Inventarse un milagro para Gaudí va a costar un poco más, motivo por el que los defensores de la propuesta se centran en los valores religiosos del arquitecto, desperdiciando la posibilidad de argüir que dejarse atropellar por un tranvía que se desplazaba a velocidad de tortuga puede tener algo de milagroso. En cualquier caso, me temo que esta insistencia en la beatificación de nuestro mayor imán para turistas es la obsesión particular de un grupo de emprendedores meapilas de la localidad, que no me extrañaría que fuesen los mismos que están empeñados en construir la Escalinata de la Gloria, aunque para eso haya que echar abajo varias manzanas del Eixample y dejar en la calle a un número indeterminado, pero tirando a alto, de inquilinos.

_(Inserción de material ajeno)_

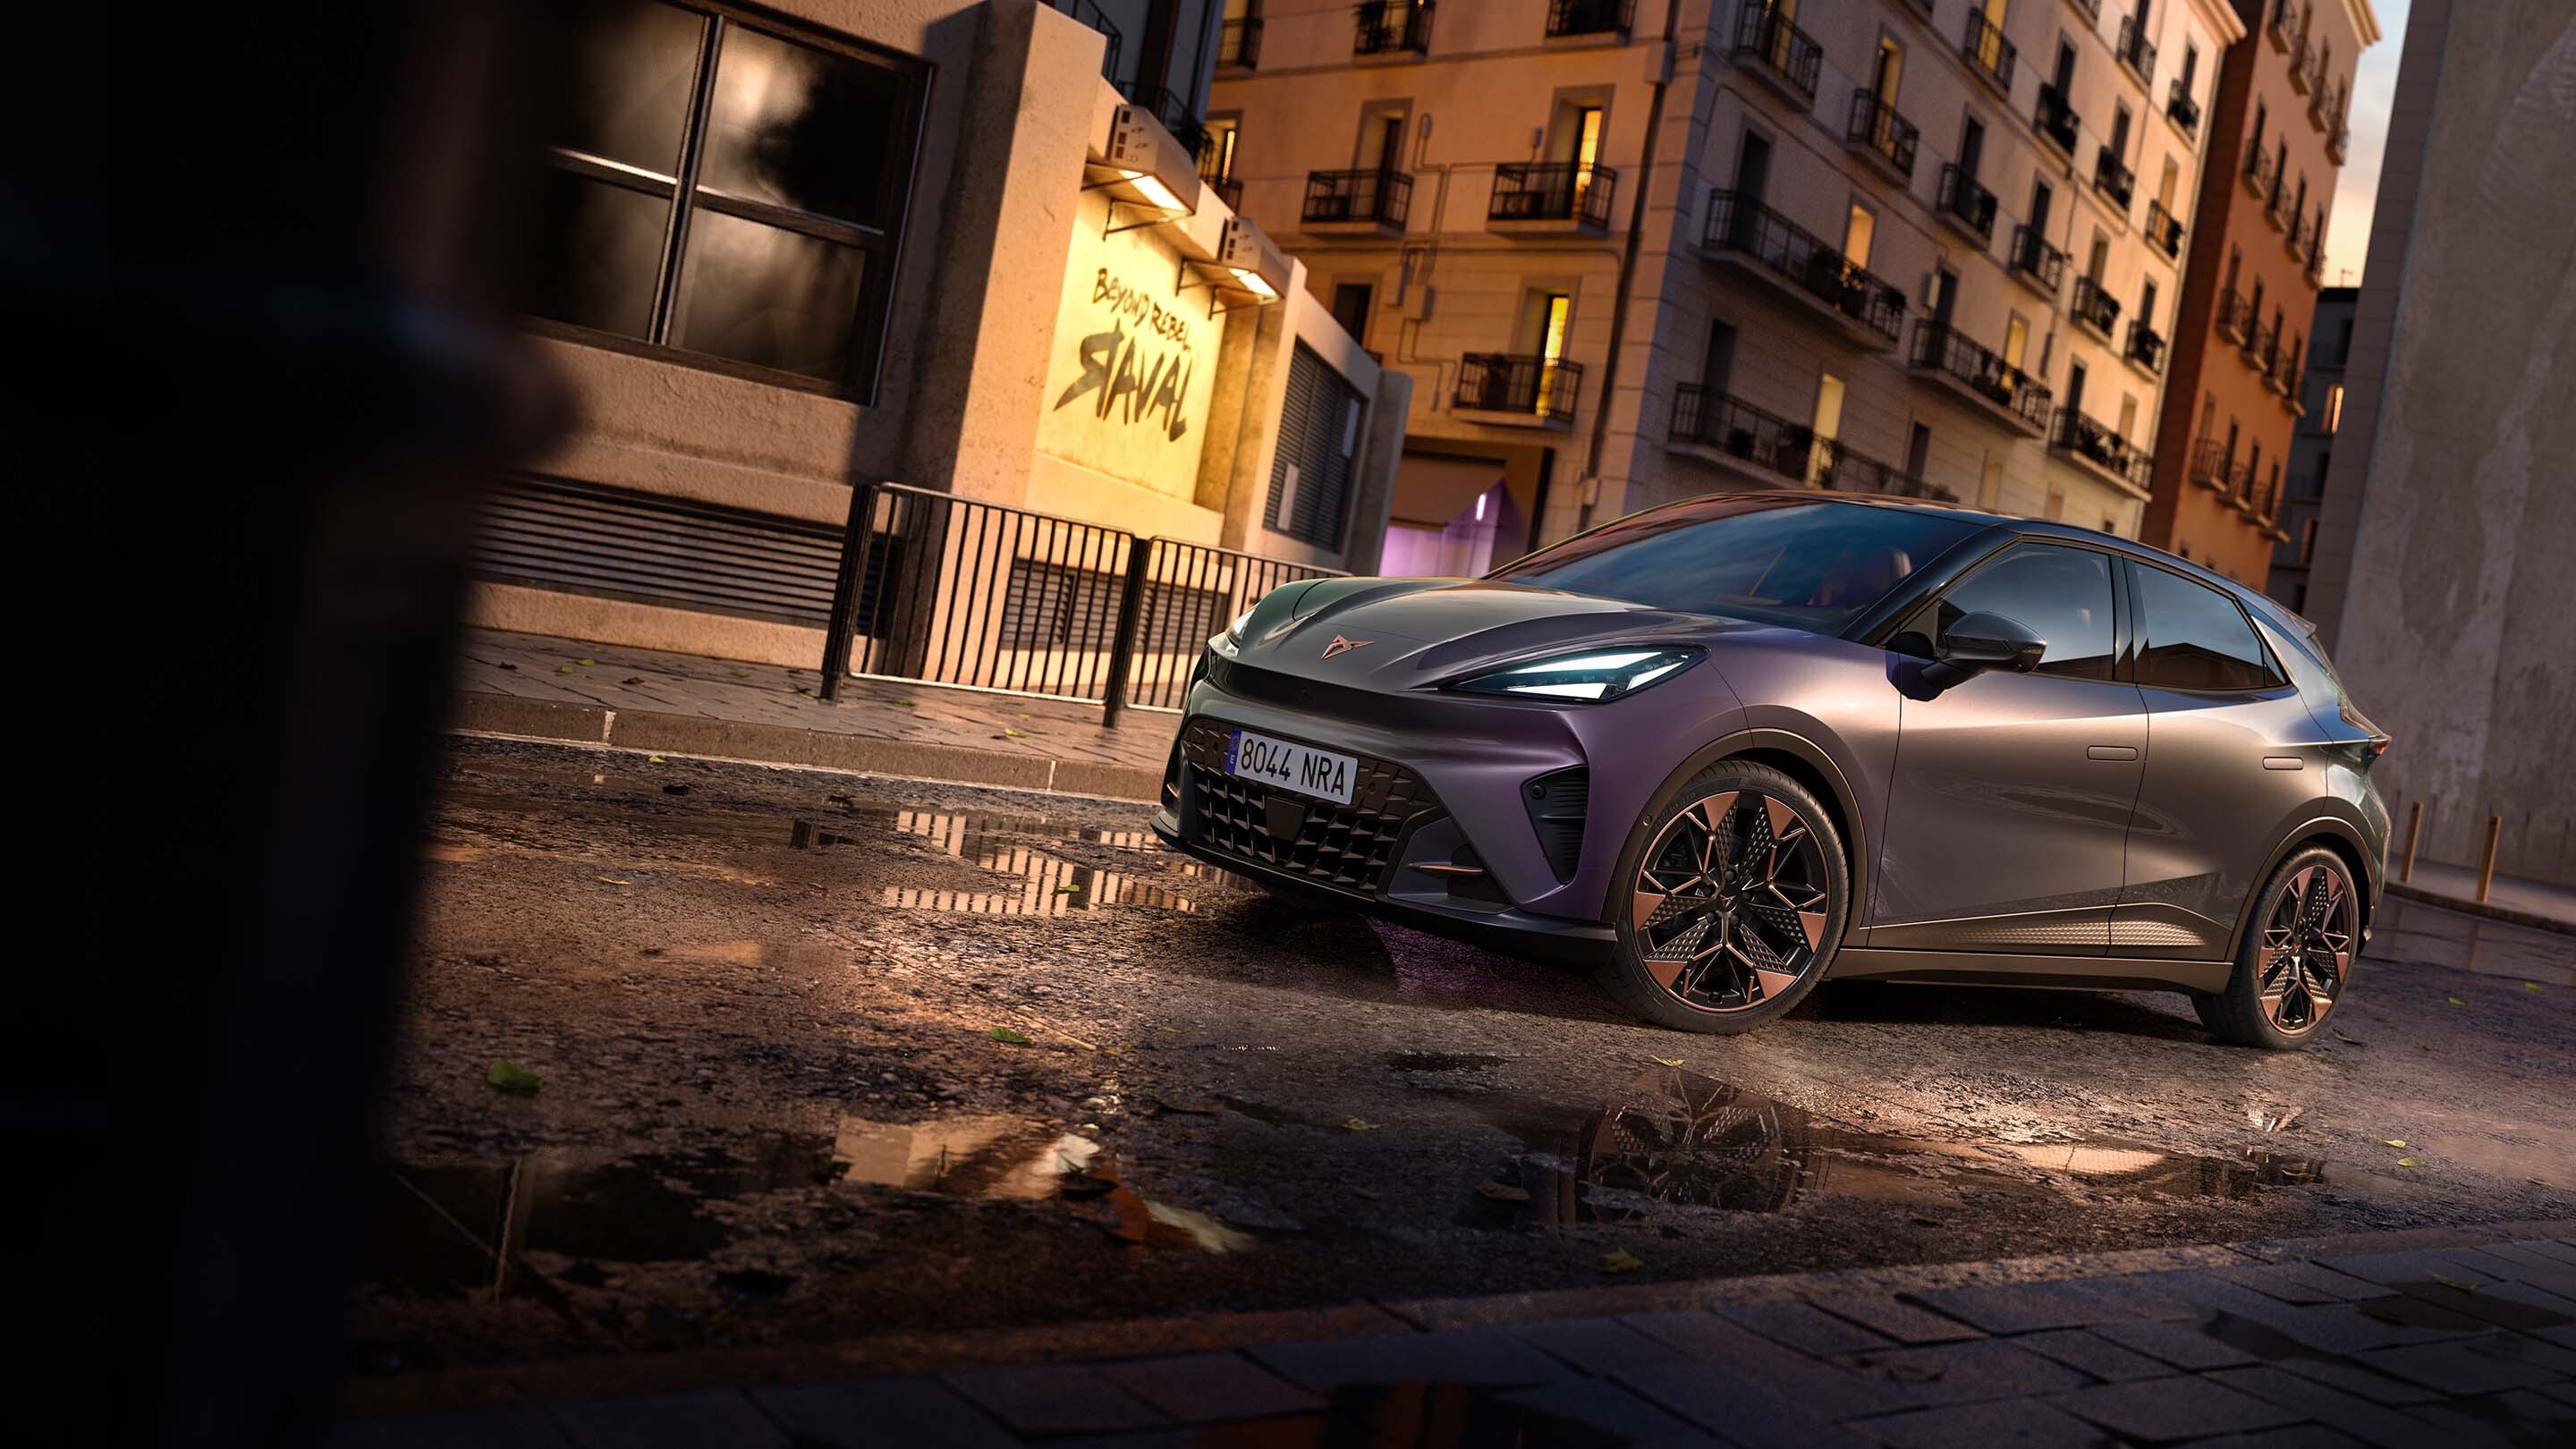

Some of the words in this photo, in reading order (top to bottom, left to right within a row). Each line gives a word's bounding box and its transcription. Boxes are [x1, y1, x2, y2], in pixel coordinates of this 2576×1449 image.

[1093, 267, 1150, 327] BEYOND
[1149, 301, 1191, 352] REBEL
[1241, 738, 1292, 782] 8044
[1301, 752, 1345, 796] NRA

Me resulta ligeramente incomprensible que una asociación como la que pretende santificar a Gaudí lleve dando la chapa desde los tiempos de la olimpiada barcelonesa. Aunque ahora la Iglesia se las tenga con el señor Almuzara por un quítame allá ese santo, lo normal es que, desde un principio, hubiese desalentado los esfuerzos beatificadores, recordando a sus responsables que Gaudí fue un arquitecto peculiar, personal y con un punto visionario que puede resultar fascinante, sí, pero no alguien susceptible de que se le otorgue la santidad. Insistir en ella es, con perdón, mear fuera de tiesto: que yo sepa, a nadie se le ha ocurrido beatificar a Frank Lloyd Wright, que también diseñó unos edificios magníficos. Proponer hacer de Gaudí un santo súbito es, directamente, meterse donde no te llaman.

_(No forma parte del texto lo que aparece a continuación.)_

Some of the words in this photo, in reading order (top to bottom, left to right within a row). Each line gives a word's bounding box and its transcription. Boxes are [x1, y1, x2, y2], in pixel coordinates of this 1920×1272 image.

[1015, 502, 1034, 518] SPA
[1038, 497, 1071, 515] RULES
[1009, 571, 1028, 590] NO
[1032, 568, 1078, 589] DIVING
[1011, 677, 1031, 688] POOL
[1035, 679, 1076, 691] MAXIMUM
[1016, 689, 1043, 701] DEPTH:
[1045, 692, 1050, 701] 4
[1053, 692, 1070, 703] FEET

Preferiría, francamente, que la asociación santificadora promoviera la excomunión de todos los que, en el curso del tiempo, han ido afeando a conciencia el proyecto original del señor Gaudí (como el hombre trabajaba sin planos, aquí se ha cometido todo tipo de atrocidades estéticas sobre la idea inicial, hasta el punto de que la actual Sagrada Familia es una enorme mona de Pascua que no ha levantado cabeza desde que Subirachs fue escogido por Jordi Pujol para fabricar ángeles tiesos y otros aditamentos de gusto discutible).

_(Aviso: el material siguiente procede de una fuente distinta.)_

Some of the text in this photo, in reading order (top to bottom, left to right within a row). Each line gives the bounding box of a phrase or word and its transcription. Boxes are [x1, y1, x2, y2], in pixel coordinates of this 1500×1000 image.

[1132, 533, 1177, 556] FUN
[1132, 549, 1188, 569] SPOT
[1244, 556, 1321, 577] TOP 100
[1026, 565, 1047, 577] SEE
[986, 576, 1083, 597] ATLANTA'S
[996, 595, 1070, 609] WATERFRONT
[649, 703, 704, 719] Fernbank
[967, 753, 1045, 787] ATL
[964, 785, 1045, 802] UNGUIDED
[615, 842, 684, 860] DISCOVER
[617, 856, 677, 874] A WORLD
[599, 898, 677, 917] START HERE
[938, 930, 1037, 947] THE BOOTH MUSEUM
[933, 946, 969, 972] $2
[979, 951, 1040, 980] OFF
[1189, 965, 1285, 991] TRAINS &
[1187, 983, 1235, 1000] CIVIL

A Dios lo que es de Dios y al César (o a Gaudí) lo que es del César (o de Gaudí). La beatificación de un arquitecto es una idea de bombero y me da igual quien la defienda, si el señor Almuzara o altos cargos de la clerigalla. De todos modos, todos saben lo que hay que hacer para que Antoni Gaudí se convierta en santo: apoquinar en el Vaticano, como hicieron los fans de San Josemaría. Y si están más tiesos que el Barça de Laporta (y a matar entre ellos), me temo que el pobre Gaudí va a acabar haciendo compañía a esos muertos de hambre del siglo XIII que llevan esperando su gran momento desde entonces.